Position Summary/Mission
Our Care Managers are frontline advocates for members who cannot advocate for themselves. They are responsible for assessing, planning, implementing, and coordinating all case management activities with members to evaluate their medical needs and facilitate overall wellness.
Requires an RN with unrestricted active license
· Develops a proactive plan of care to address identified issues to enhance short and long-term outcomes as well as opportunities to improve overall wellness.
· Uses clinical tools and information/data review to evaluate members' needs and benefits.
· Applies clinical judgment to incorporate strategies designed to reduce risk factors and barriers and address complex health and social indicators impacting care planning.

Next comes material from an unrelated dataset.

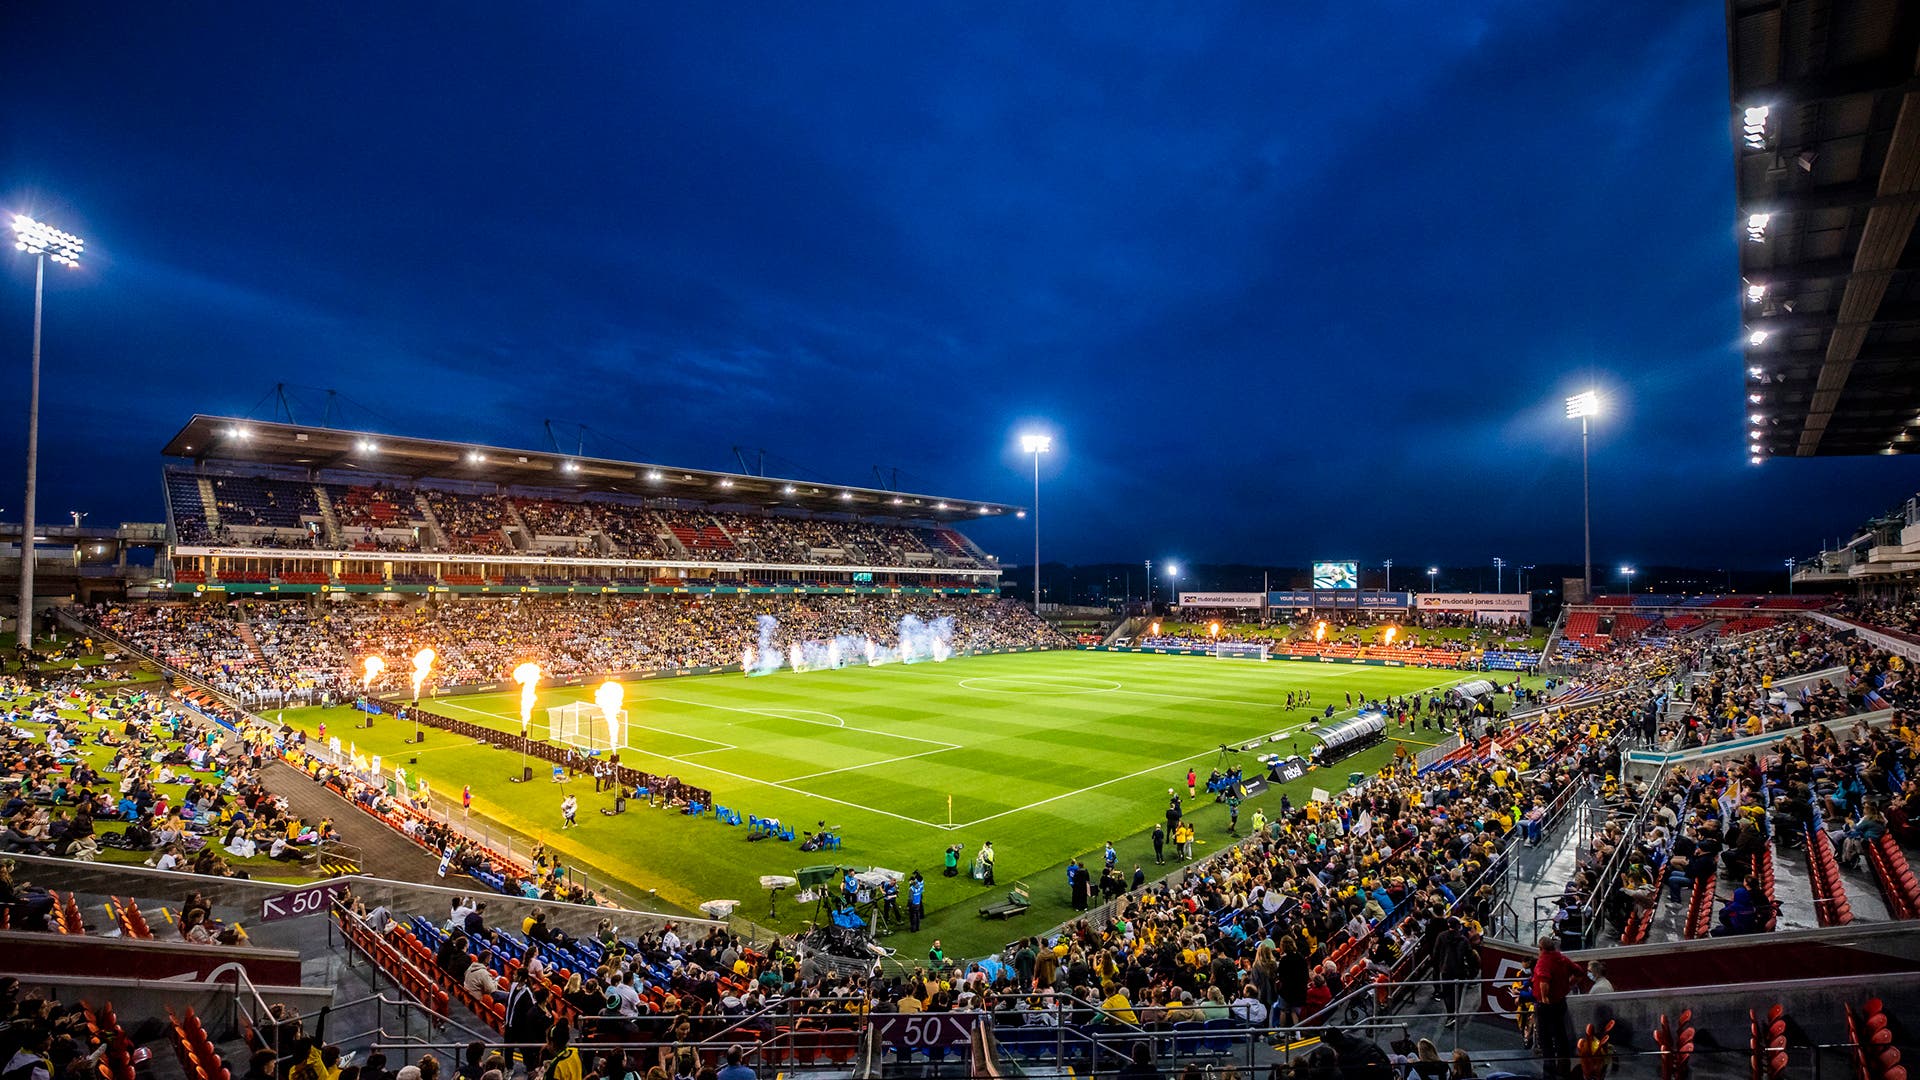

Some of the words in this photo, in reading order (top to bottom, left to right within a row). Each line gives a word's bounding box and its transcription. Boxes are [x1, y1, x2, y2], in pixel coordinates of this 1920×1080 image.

[1474, 598, 1494, 606] jones
[1283, 763, 1303, 780] rebel
[292, 889, 322, 913] 50
[903, 1016, 942, 1046] 50

· Conducts assessments considering information from various sources, such as claims, to address all conditions including co-morbid and multiple diagnoses that impact functionality.
· Uses a holistic approach to assess the need for referrals to clinical resources and other interdisciplinary team members.
· Collaborates with supervisors and other key stakeholders in the member’s healthcare, overcoming barriers to meeting goals, and presents cases at interdisciplinary case conferences.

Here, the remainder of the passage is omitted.